*** Opening of Information supplied ***

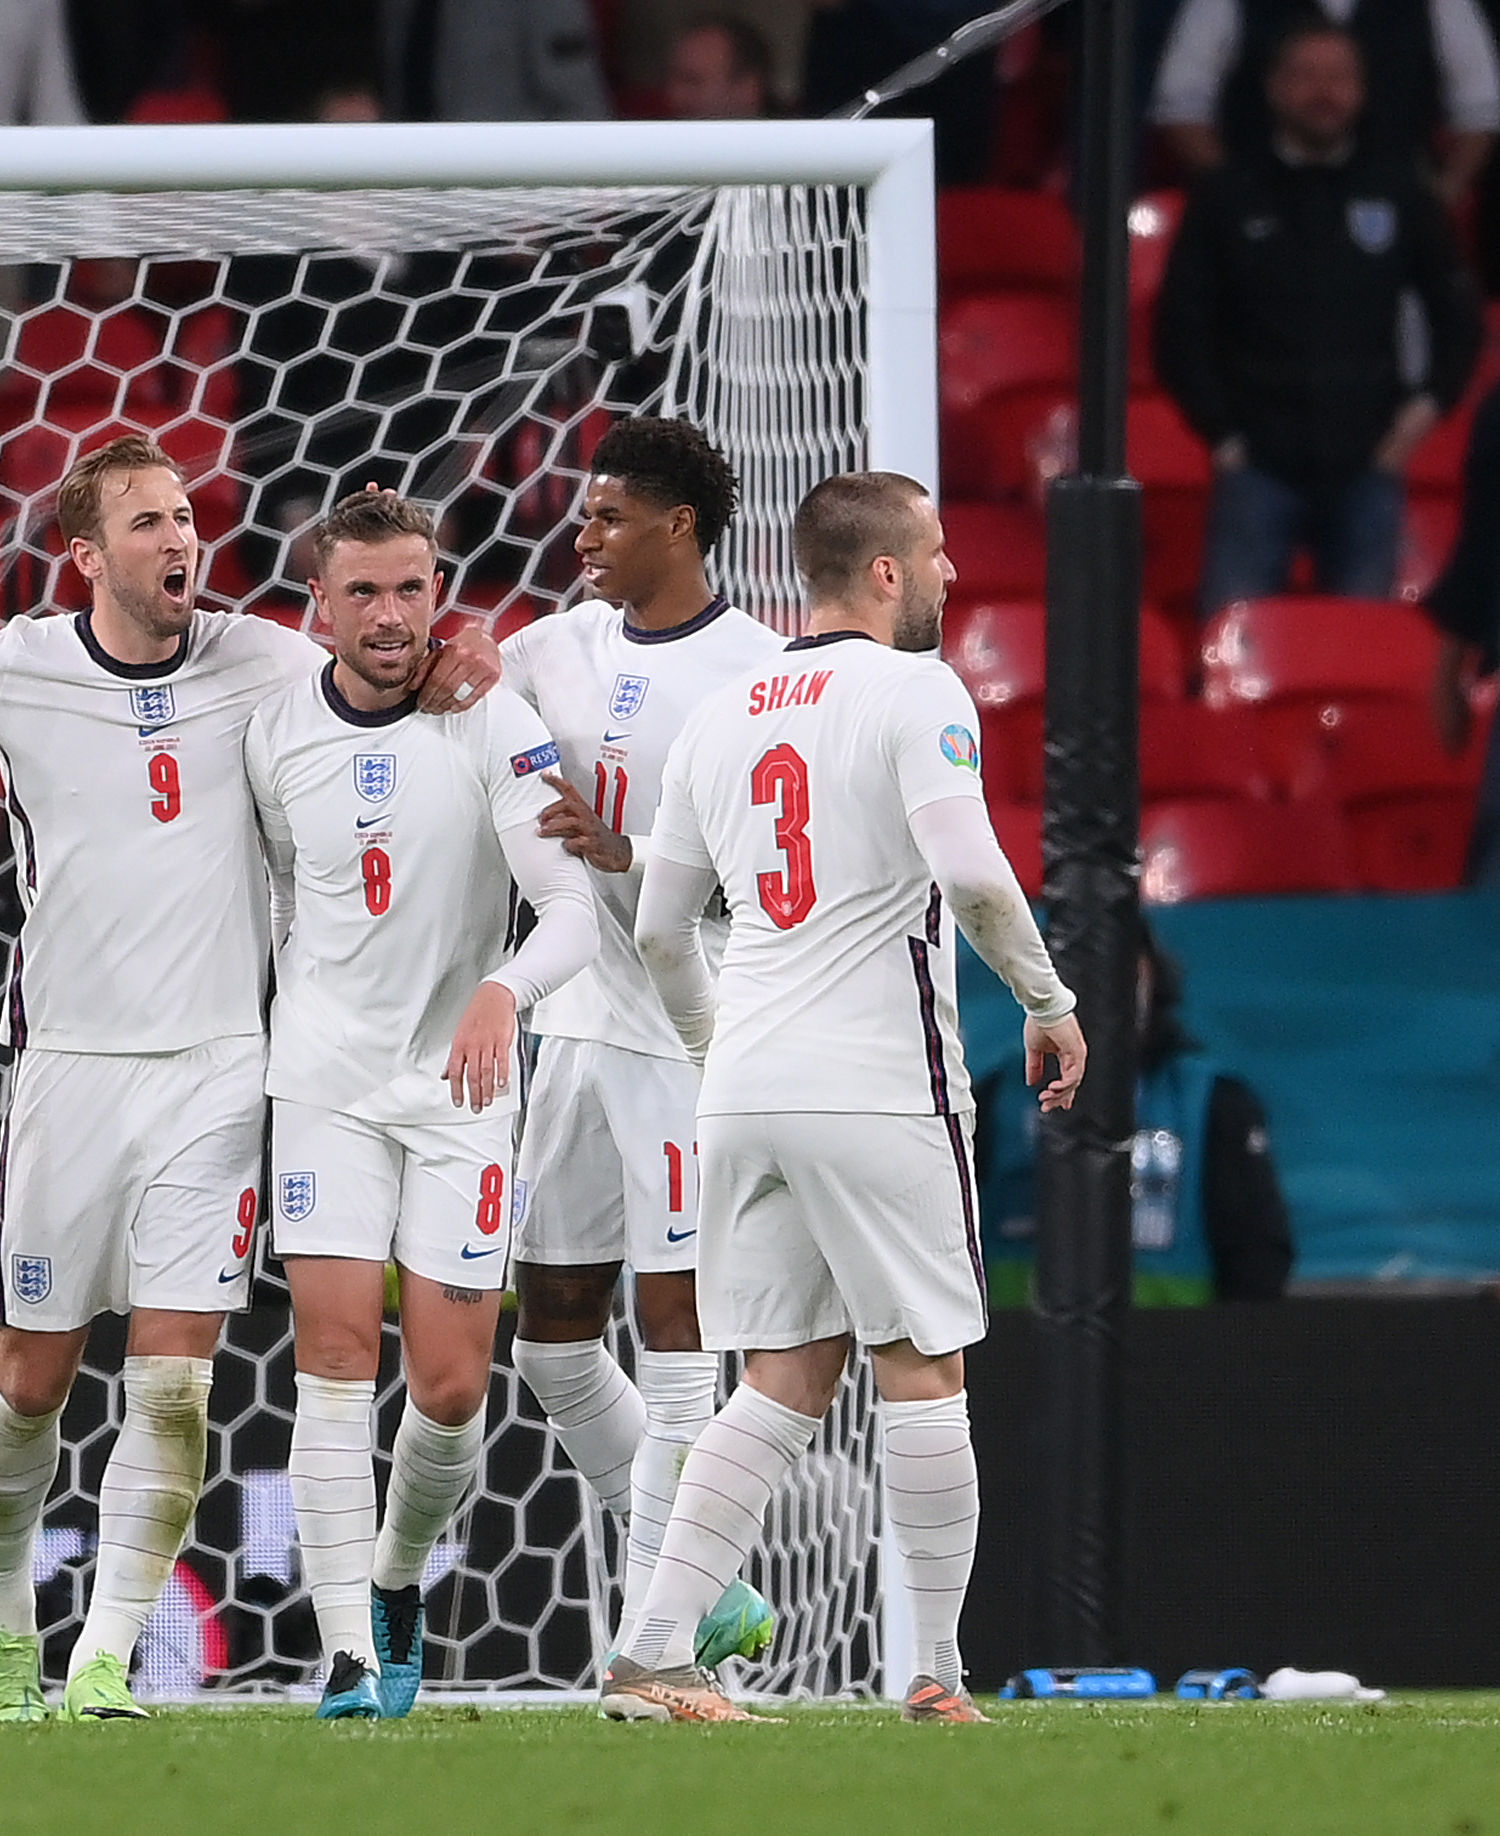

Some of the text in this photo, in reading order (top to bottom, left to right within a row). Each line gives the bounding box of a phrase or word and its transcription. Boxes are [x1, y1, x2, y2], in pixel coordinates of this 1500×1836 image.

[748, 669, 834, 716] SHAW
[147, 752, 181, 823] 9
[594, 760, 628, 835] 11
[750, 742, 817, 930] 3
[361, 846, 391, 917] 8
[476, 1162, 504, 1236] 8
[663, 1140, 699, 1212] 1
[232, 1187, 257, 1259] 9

*** Close of Information supplied ***

The response should contain every record above exactly as written, and none of the pictures.

Response to the task >>
Some of the text in this photo, in reading order (top to bottom, left to right within a row). Each line gives the bounding box of a phrase or word and its transcription. Boxes are [x1, y1, x2, y2], in pixel coordinates of this 1500×1836 image.

[748, 669, 834, 716] SHAW
[147, 752, 181, 823] 9
[594, 760, 628, 835] 11
[750, 742, 817, 930] 3
[361, 846, 391, 917] 8
[476, 1162, 504, 1236] 8
[663, 1140, 699, 1212] 1
[232, 1187, 257, 1259] 9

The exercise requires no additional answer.